● Exercise prompt
In your copy, leave out all pictures and reproduce every entry exactly.
====
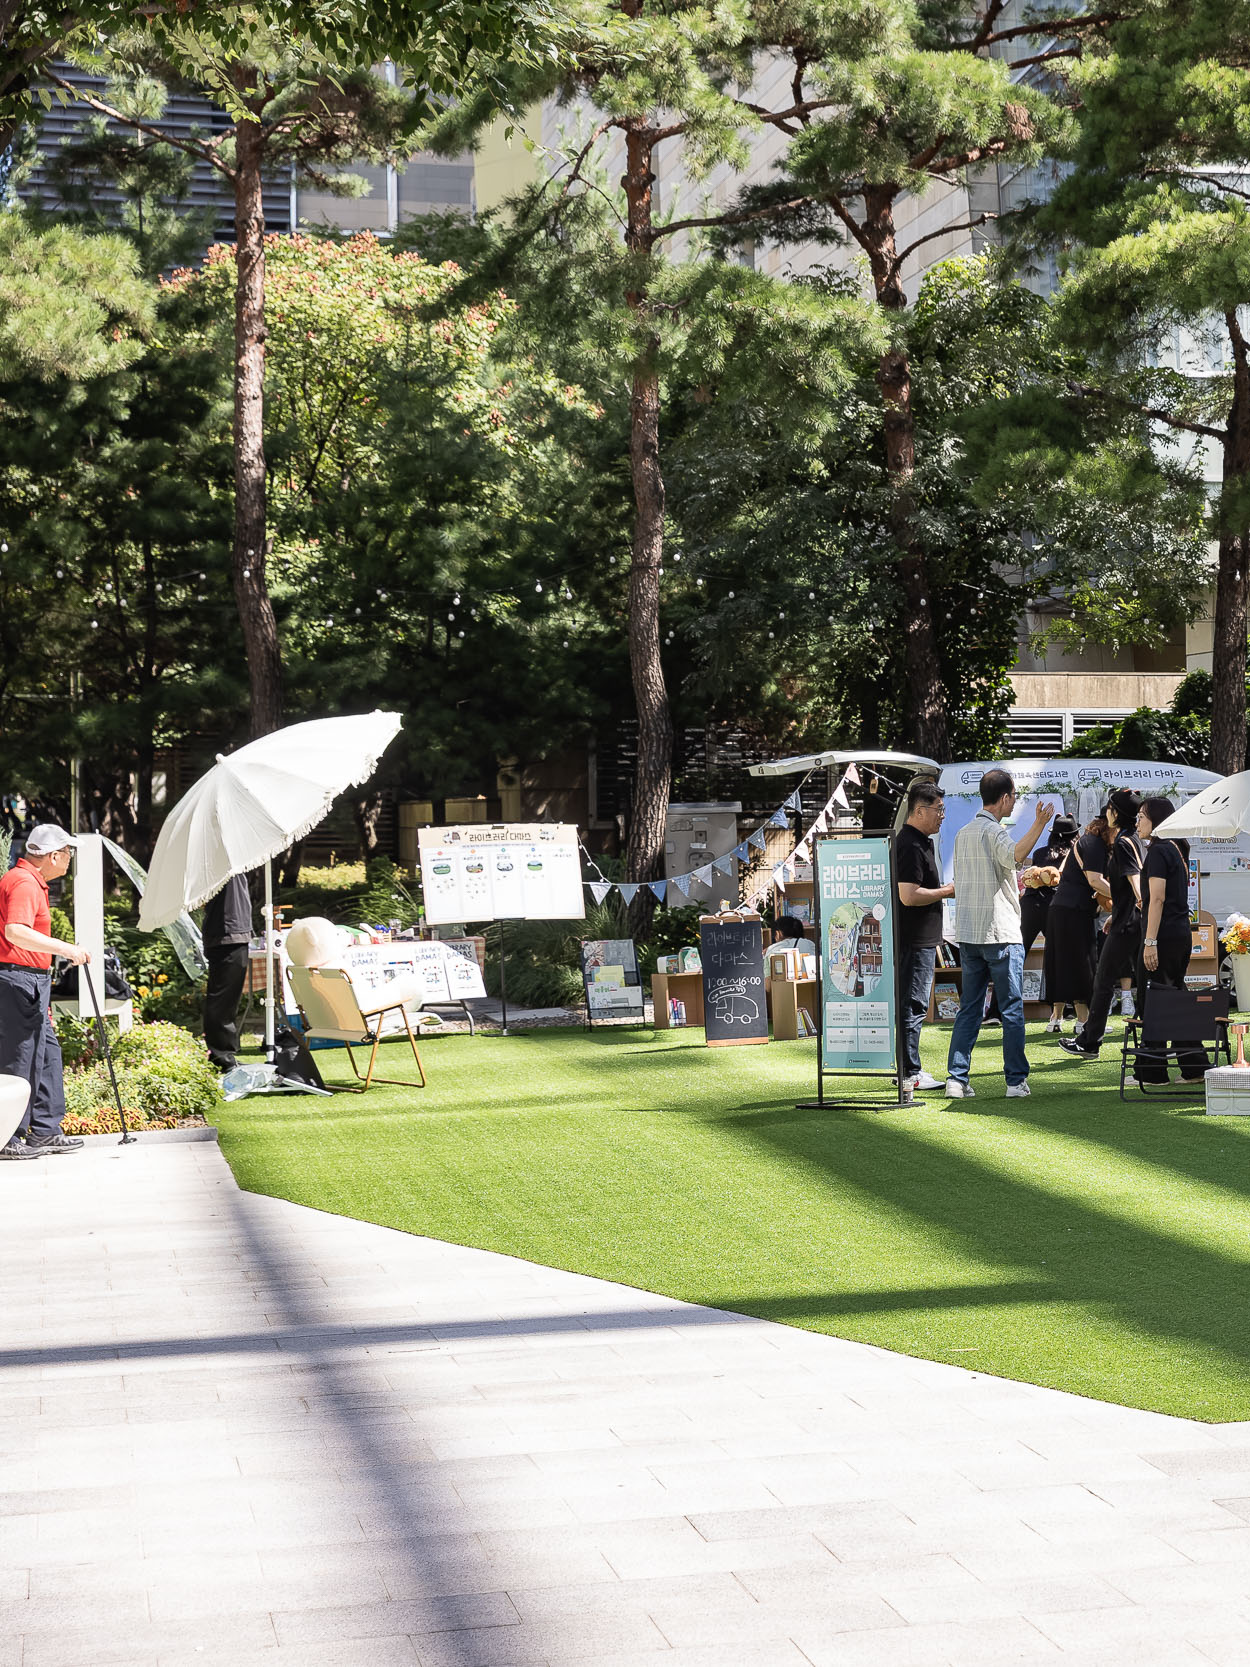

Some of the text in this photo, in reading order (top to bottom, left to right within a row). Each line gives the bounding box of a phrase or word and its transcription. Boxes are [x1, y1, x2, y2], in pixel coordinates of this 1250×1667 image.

[1103, 769, 1152, 779] 라이브러리
[1154, 769, 1184, 779] 다마스
[509, 832, 532, 841] 다마스
[823, 863, 886, 882] 라이브러리
[823, 882, 861, 899] 다마스
[860, 884, 885, 892] LIBRARY
[711, 951, 755, 967] 다마스
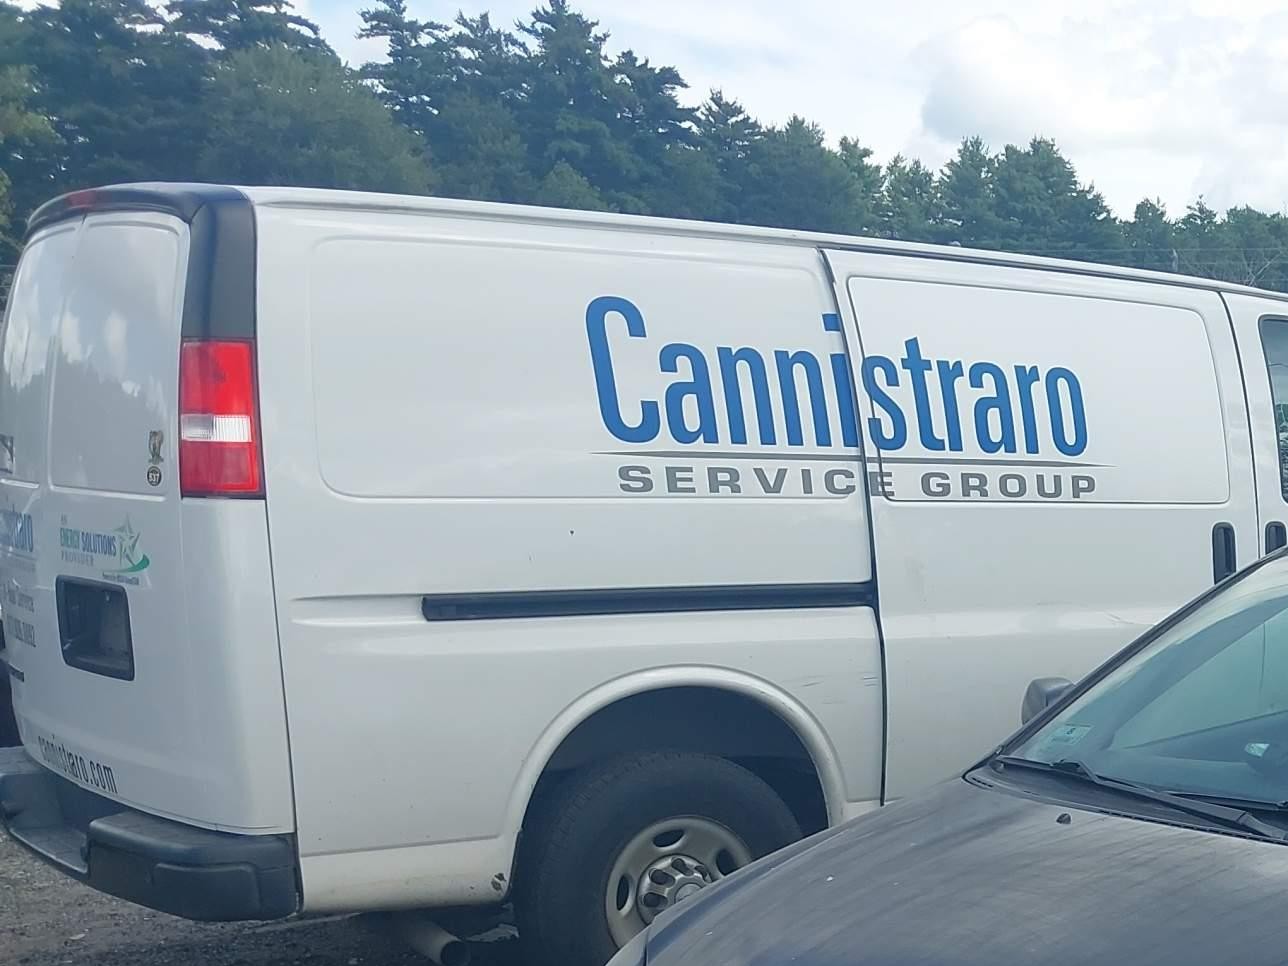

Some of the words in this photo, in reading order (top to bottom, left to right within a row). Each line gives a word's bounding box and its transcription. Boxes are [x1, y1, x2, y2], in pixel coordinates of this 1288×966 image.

[585, 296, 1088, 457] Cannistraro
[618, 465, 895, 498] SERVICE
[921, 471, 1097, 499] GROUP
[81, 531, 117, 557] SOLUTIONS
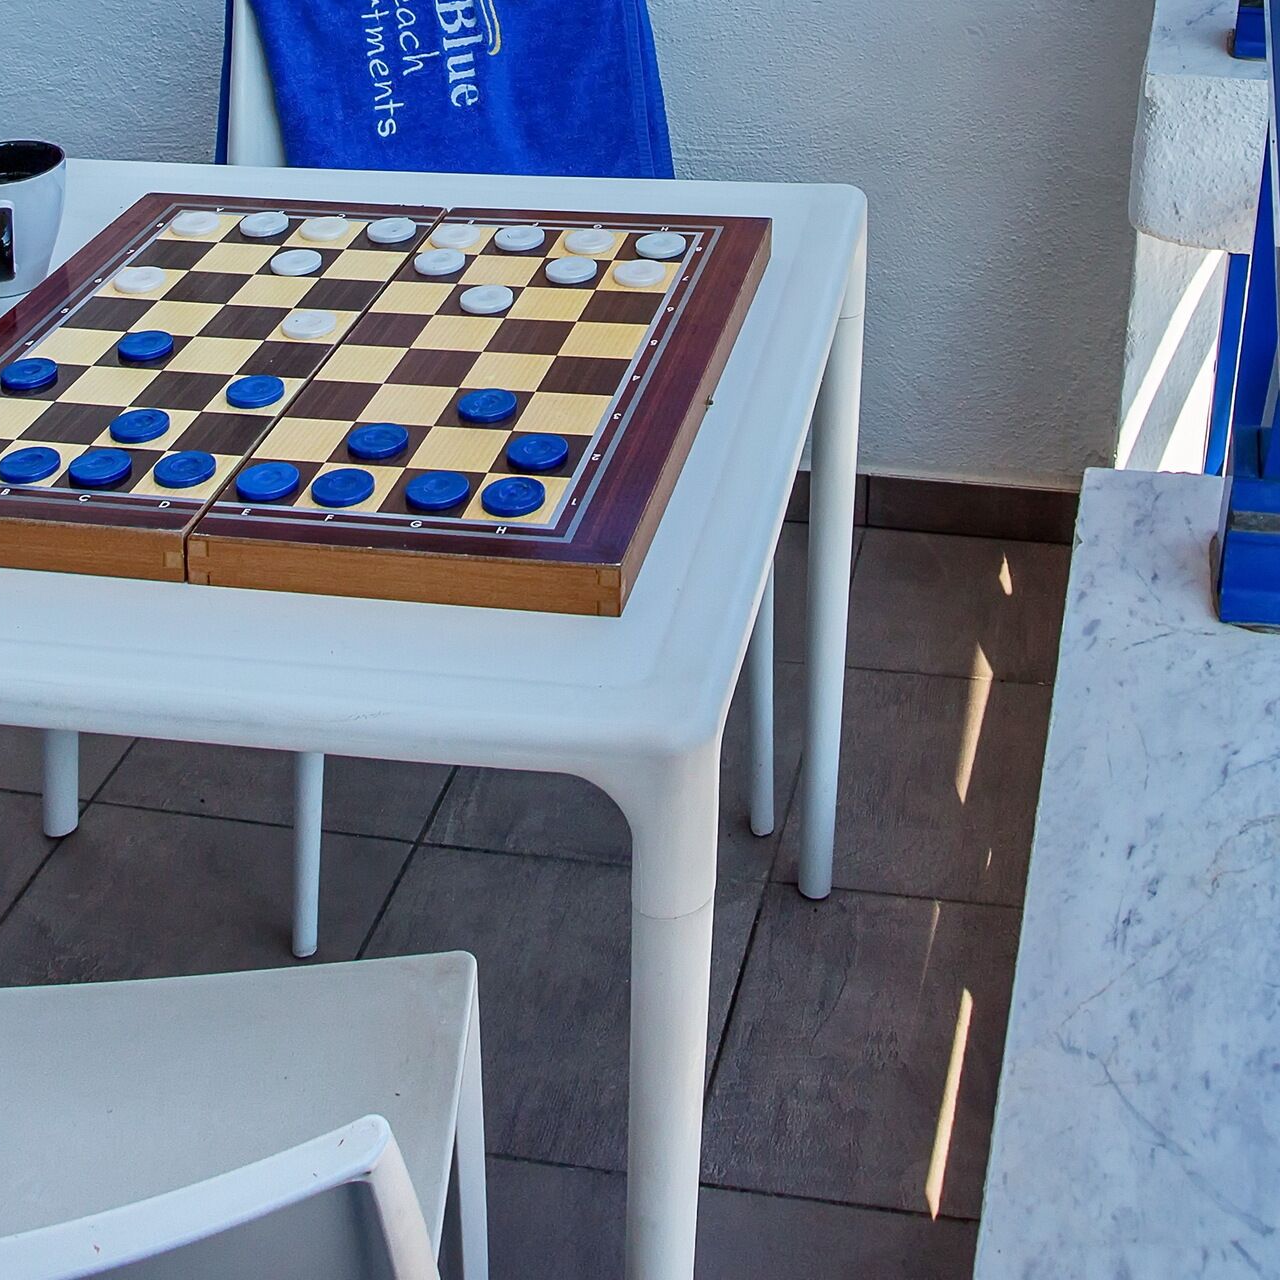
====
● Exercise answer
Some of the text in this photo, in reading order (top to bottom, left to right within a row). Each line gives the bounding box of a phrase or word and its transcription. Boxes are [x1, y1, x2, y2], in pixel coordinates of this 1250×1667 image.

[1103, 769, 1152, 779] 라이브러리
[1154, 769, 1184, 779] 다마스
[509, 832, 532, 841] 다마스
[823, 863, 886, 882] 라이브러리
[823, 882, 861, 899] 다마스
[860, 884, 885, 892] LIBRARY
[711, 951, 755, 967] 다마스

Some of the words in this photo, in reading order (top to bottom, left to right within a row). Each line gives a word's bounding box and its transcription. Boxes are [x1, y1, x2, y2], in pixel coordinates of this 1288×966 image.

[585, 296, 1088, 457] Cannistraro
[618, 465, 895, 498] SERVICE
[921, 471, 1097, 499] GROUP
[81, 531, 117, 557] SOLUTIONS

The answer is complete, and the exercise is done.